Weight vector interpretation

Weight vector W = [0.45 0.89]

b = -2.8

0.5 0.3

2.5 4.5

0 1 2 3 4 5

voxel 2

H: Hyperplane

0.45 0.89

Weight vector

weight (or discrimination) image !

how important each voxel is

for which class “it votes” (mean centred data & b=0)

Example of masks

Linear machine

Weight map

Feature selection

• 1 sample image

1 predicted value

• use ALL the voxels

NO thresholding of weight allowed!

Feature selection:

• a priori mask

• a priori ‘filtering’

• recursive feature elimination/addition

nested cross-validation

(MUST be independent from test data!)

Overview

• Introduction

–Machine learning

fMRI designs

Level of inference

•within subject ≈ FFX with SPM

‘decode’ subject’s brain state

•between subjects ≈ RFX with SPM

‘classify’ groups, or

regress subjects’ parameter

Between subjects

Design

•2 groups: group A vs. group B

•1 group: 2 conditions per subject

Extract 1 (or 2) summary image(s) per

subject, and classify

Leave-one-out (LOO) cross-validation:

•Leave one subject out (LOSO)

•Leave one subject per group out (LOSGO)

Note: this works for any type of image…

Within subject

Design:

• Block or event-related design

• Accounting for haemodynamic function

Use single scans

Data Matrix =

C1 C1 C1 BL BL BL C2 C2 C2 BL BL BL

voxels

Single volumes

Within subject

Design:

Within subject

Design:

Averaging/deconvolution

Data Matrix =

C1 C1 C1 BL BL BL C2 C2 C2 BL BL BL

voxels

Mean of volumes or betas

How to? • Average scans over

blocks/events • Parameter estimate from

the GLM with 1 regressor per block/event

Within subject

Design:

Leave-one-out (LOO) cross-validation:

• Leave one session/run out

• Leave one block/event out

(danger of dependent data!!!)

Overview

• Introduction

–Machine learning

Multiclass problem

ECOC SVM codewords

C1-C2 C1-C3 C2-C3 L

C1 1 1 0 3

C2 -1 0 1 2

C3 0 -1 -1 1

Example -1 -1 -1 C3

Binary machine & one-vs.-one

Binary machine & one-vs.-others

Multiclass machine

“Error-Correcting Output Coding”

(ECOC) approach

Overview

• Introduction

–Machine learning

Conclusions

Key points:

• More sensitivity (~like omnibus test with SPM)

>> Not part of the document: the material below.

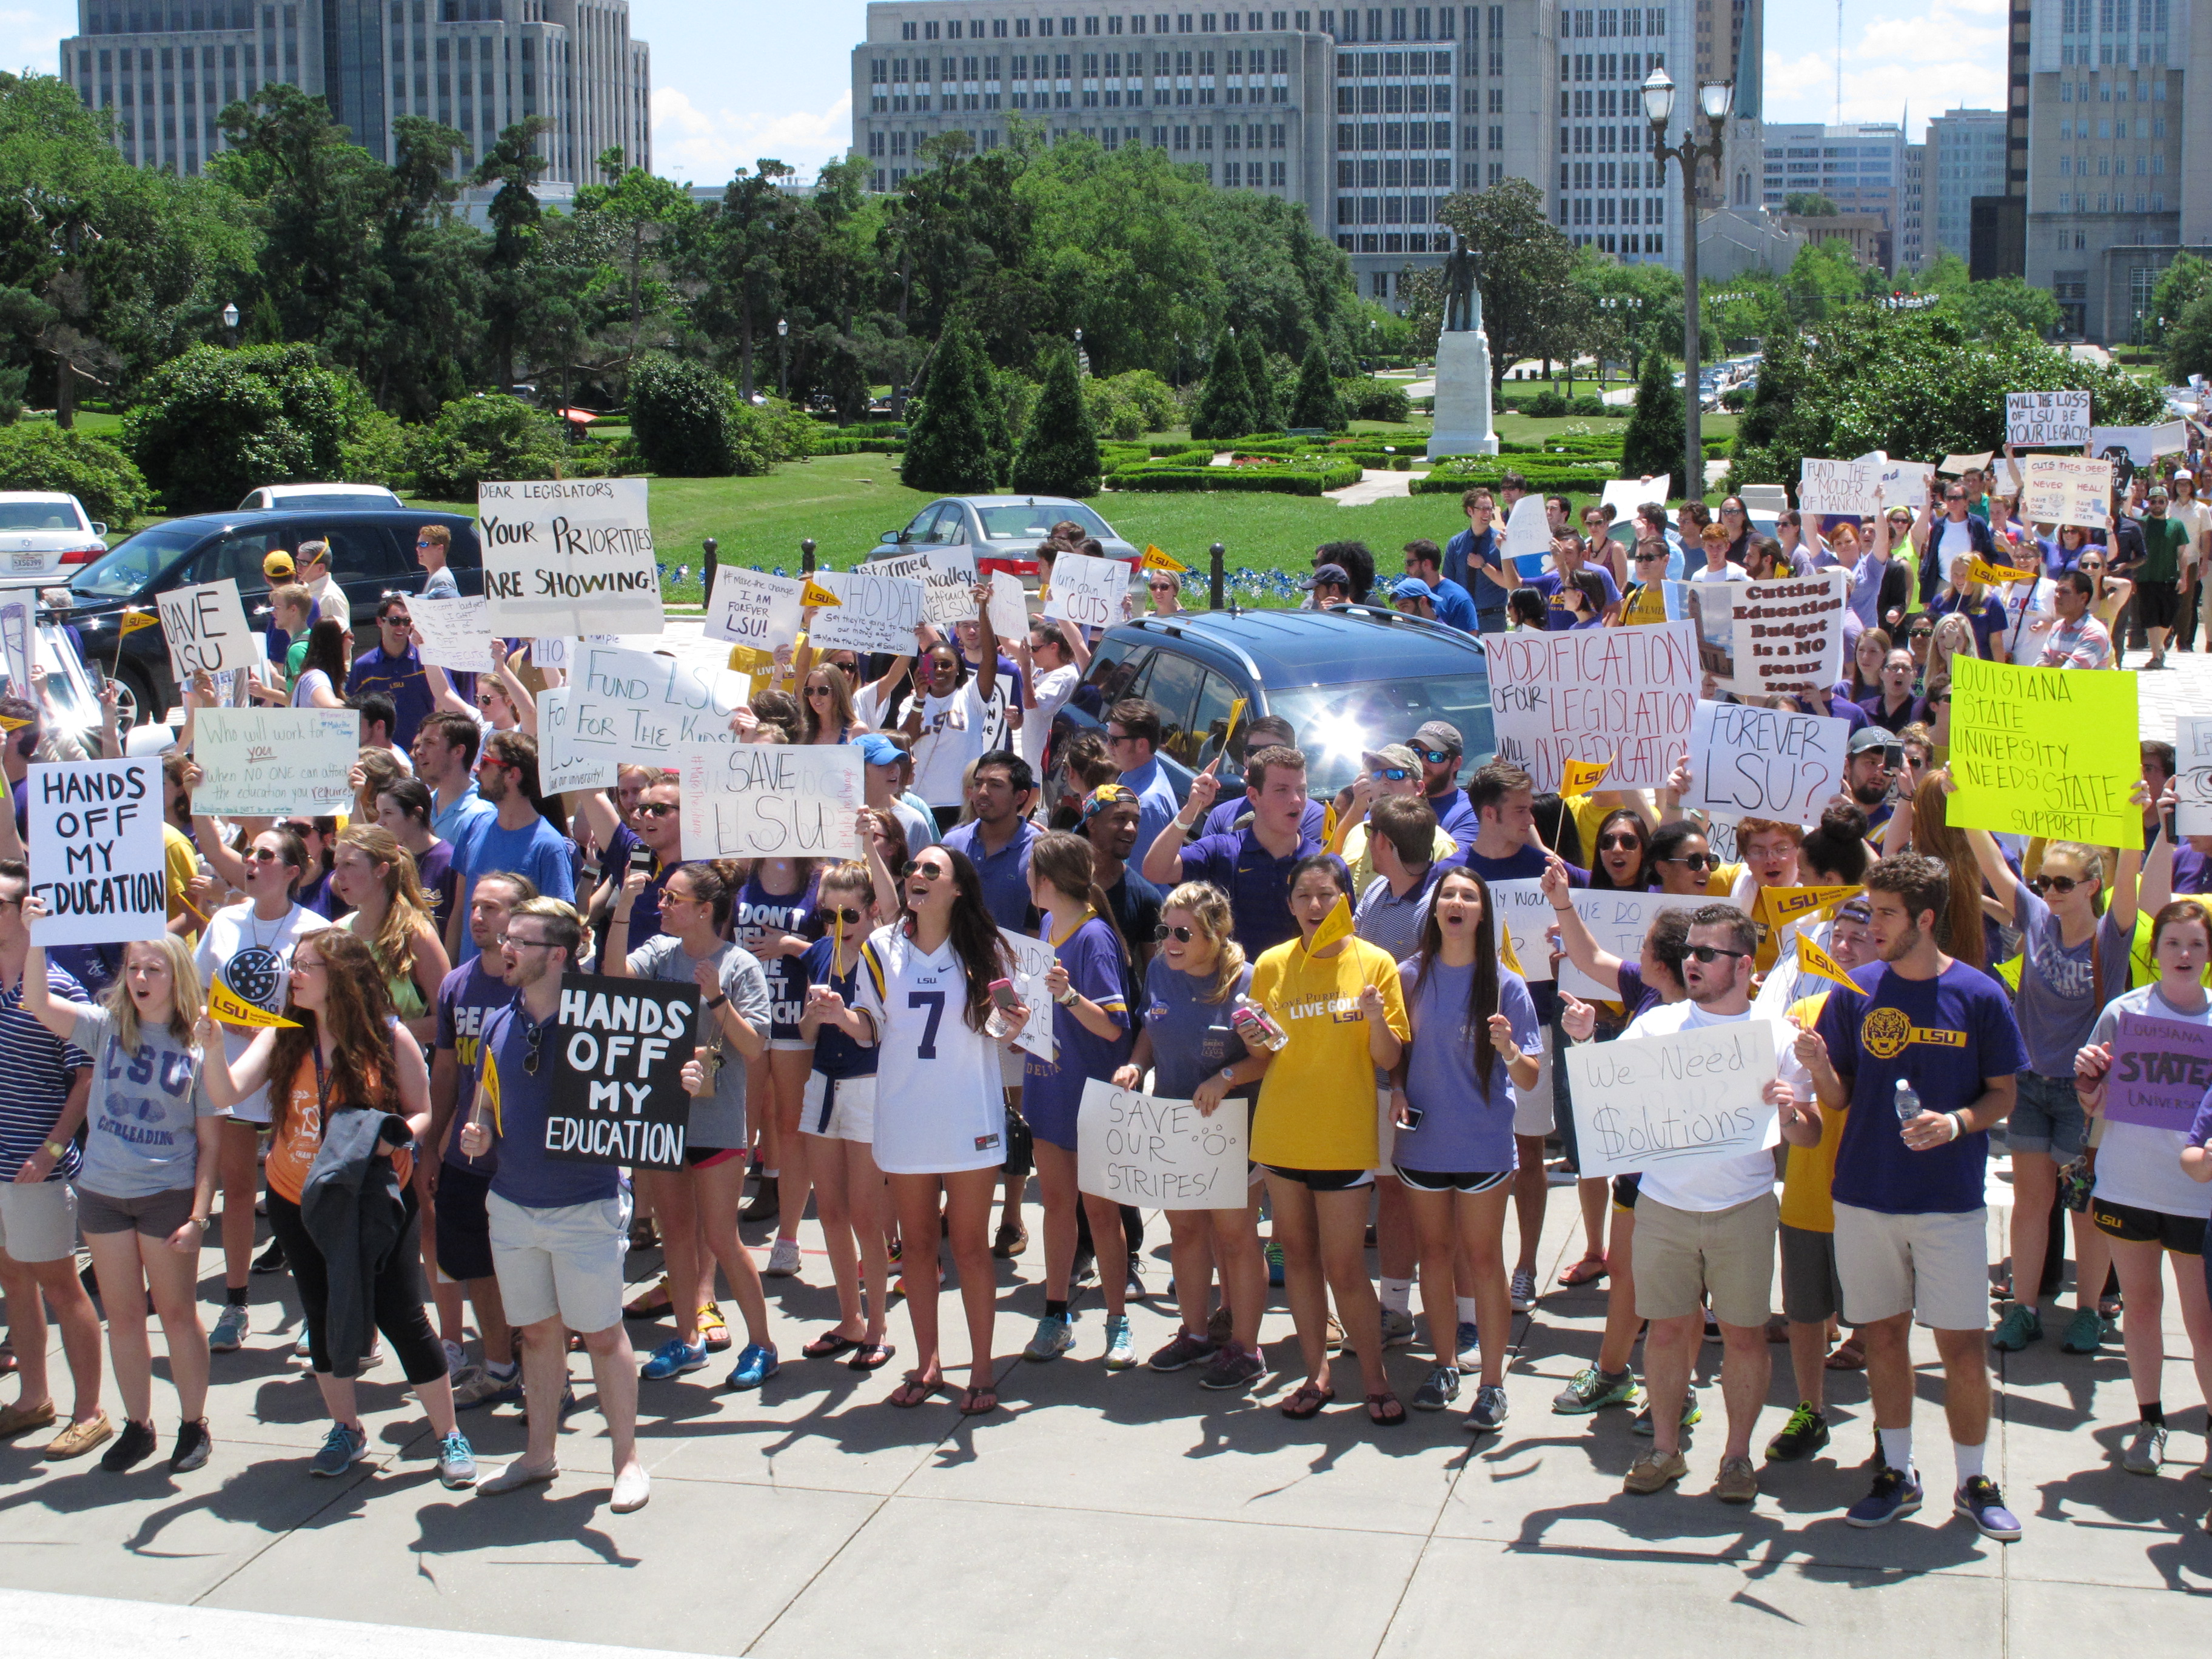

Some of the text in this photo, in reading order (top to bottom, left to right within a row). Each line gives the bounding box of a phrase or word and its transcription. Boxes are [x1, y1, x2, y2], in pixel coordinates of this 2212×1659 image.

• NO local (voxel/blob) inference

CANNOT report coordinates nor

thresholded weight map

• Require cross-validation (split in train/test sets)

report accuracy/PPV (or MSE)

• MUST assess significance of accuracy

permutation approach

PRoNTo

“Pattern Recognition for Neuroimaging Toolbox”, aka. PRoNTo :

http://www.mlnl.cs.ucl.ac.uk/pronto/

with references, manual, demo data, course, etc.

Paper: http://dx.doi.org/10.1007/s12021-013-9178-1

Thank you for your attention!

Any question?

Thanks to the PRoNTo Team for the borrowed slides.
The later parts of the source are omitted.